Mohammed Amin Adam
The Africa Centre for Energy Policy (ACEP) has questioned why the Volta River Authority (VRA) bought turbines to be used in submarines for the 132-megawatt Takoradi 3 (T3) power plant.
According to Mohammed Amin Adam, Executive Director of ACEP, the $256 million thermal plant has been out of use for a couple of months after it was completed in November 2012.
Even though owners of the land on which the plant is situated have attributed the problems to the non-pacification of their gods, Mr Adam argued that the gods of Aboadze were not to blame.
‘It is not the gods. We made the wrong choice of plants. The turbines for T3 were configured to run in submarines and they were configured to run in low-temperature areas. As I speak to you, they have no commercial operation history. They have not been run anywhere, and now we have brought it to run in a high-temperature area,’ he said.
‘This is lack of due diligence. It is the lack of appropriate planning by our authorities and they must come out and explain why a taxpayer company like the VRA can invest so much in a 132-megawatt plant which Ghanaians cannot enjoy.’
The Takoradi T3 power plant is a combined-cycle power plant at the Volta River Authority (VRA) power station at Aboadze, near Takoradi. It was meant to expand the Takoradi Thermal Power Station capacity by 132MW or 24 percent.
The T-l and T-2 plants at the Aboadze Thermal Station have a combined generation capacity of 340 megawatts.
He mentioned that kerosene or aviation fuel would be the appropriate alternative fuel for the plant, yet the equipment has been configured to run on the expensive light crude oil.

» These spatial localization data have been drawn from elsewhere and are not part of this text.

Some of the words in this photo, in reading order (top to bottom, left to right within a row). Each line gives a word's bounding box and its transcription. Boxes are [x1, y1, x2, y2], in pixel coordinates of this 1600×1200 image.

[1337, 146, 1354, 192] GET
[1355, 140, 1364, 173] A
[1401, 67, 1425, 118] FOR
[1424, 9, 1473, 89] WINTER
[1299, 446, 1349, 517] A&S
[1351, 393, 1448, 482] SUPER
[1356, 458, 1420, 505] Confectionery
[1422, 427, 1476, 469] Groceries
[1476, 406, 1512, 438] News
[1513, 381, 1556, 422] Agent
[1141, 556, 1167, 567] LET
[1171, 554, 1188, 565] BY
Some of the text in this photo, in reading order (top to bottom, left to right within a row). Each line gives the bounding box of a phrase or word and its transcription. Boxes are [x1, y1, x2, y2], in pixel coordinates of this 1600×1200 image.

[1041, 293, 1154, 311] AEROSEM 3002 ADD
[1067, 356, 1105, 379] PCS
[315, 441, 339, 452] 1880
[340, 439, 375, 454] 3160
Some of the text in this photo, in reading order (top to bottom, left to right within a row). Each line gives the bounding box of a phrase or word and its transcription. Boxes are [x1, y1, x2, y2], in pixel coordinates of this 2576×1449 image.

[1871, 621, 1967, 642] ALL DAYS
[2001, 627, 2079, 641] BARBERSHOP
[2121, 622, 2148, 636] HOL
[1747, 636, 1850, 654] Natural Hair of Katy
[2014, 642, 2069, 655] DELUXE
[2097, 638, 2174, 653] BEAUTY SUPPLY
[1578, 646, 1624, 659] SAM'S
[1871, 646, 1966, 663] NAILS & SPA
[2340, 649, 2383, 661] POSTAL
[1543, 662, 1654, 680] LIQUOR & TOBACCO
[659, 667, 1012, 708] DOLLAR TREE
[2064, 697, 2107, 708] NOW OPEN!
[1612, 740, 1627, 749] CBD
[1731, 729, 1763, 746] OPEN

The T-3 equipment was taken out of the country for repairs at an extra cost to the country.
Indicating that Ghana has over 2,800 megawatts of generation capacity with peak electricity demand currently around 2,000 megawatts, he emphasised: ‘Ideally, Ghana should not be in a power crisis. But the sector managers say that only around l,600 megawatts of generation capacity is available due to maintenance and fuel supply challenges, among others.’
The Millennium Challenge Corporation (MCC) is getting set to provide a power sector support package, but ACEP said the corporation must interrogate Ghana’s ‘ideal capacity.’
‘This is because if we do not take into consideration how to make all the over 2,840 megawatts available, how do we talk about bringing in new generation capacity?’ he asked.